UNESCO has just announced the Philippine investigative journalist and media executive, Maria Ressa, as the winner of the Guillermo Cano Prize for Press Freedom, which honors champions of media freedom, particularly those who have faced danger in order to do this. Ressa risks her own personal safety every day, as she pursues the facts and holds the powerful to account. She is often the target of anonymous online attacks – in 2016 she received 90 online hate messages an hour – many of which are rooted in misogyny and racism.

But Maria Ressa is by no means alone. Women everywhere are being attacked online for daring to practice journalism while female. Back in 2014, 23 percent of the women journalists who responded to a UNESCO survey said they had been threatened, intimidated, and insulted online in connection with their work. By December 2020, this number had leapt to 73 percent.

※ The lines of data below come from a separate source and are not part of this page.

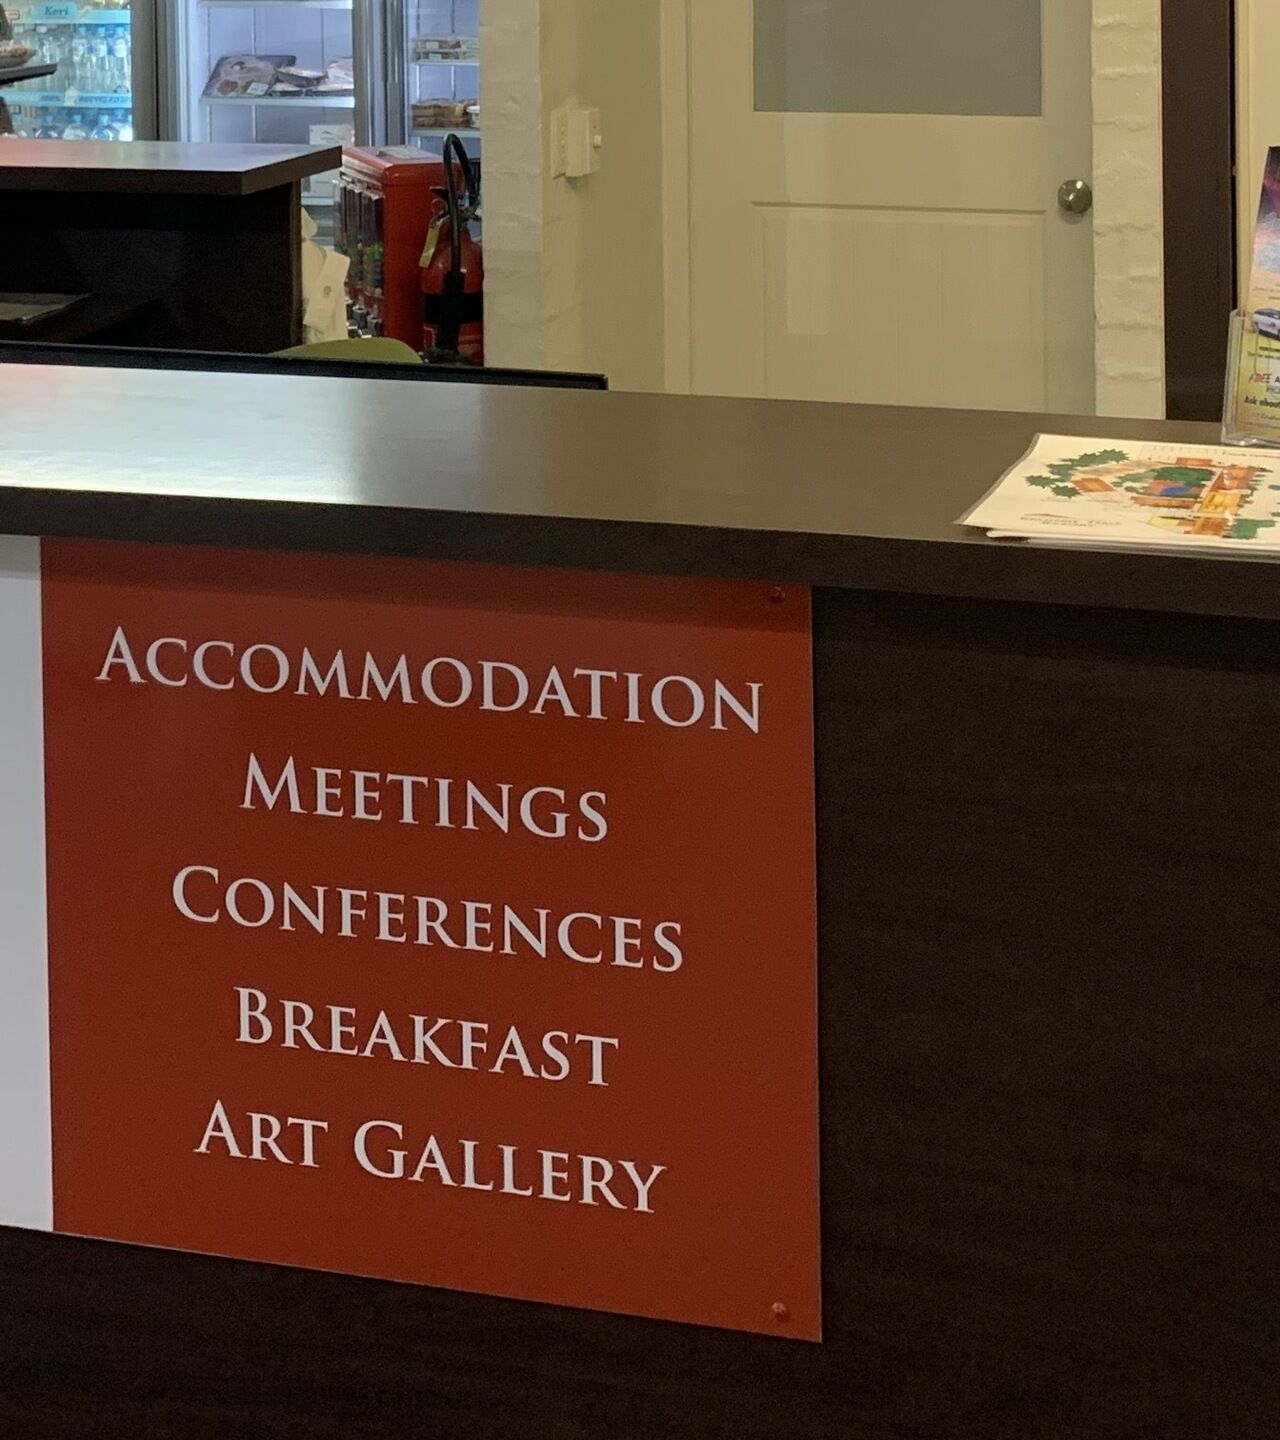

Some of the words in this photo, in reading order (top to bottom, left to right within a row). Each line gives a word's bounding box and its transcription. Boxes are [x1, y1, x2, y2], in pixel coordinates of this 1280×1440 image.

[95, 625, 763, 734] ACCOMMODATION
[239, 752, 609, 842] MEETINGS
[172, 865, 684, 972] CONFERENCES
[233, 986, 619, 1086] BREAKFAST
[193, 1099, 329, 1168] ART
[354, 1120, 667, 1215] GALLERY

Women journalists from more than 120 countries, across all UNESCO regions of the world, have now spoken out in a new study commissioned by UNESCO and carried out by the International Center for Journalists (ICFJ), describing how they were attacked online. They work for the BBC, CNN, Al Jazeera, The Guardian, and other national and local media outlets.

The study reveals alarming trends: female journalists are threatened with physical violence, rape, kidnapping, and doxxing – the publication of their addresses on social media. Some are publicly accused of using sex to secure stories. Their inboxes and those of their newsroom colleagues are spammed with lies, disinformation, and pornographic images with their faces photoshopped in.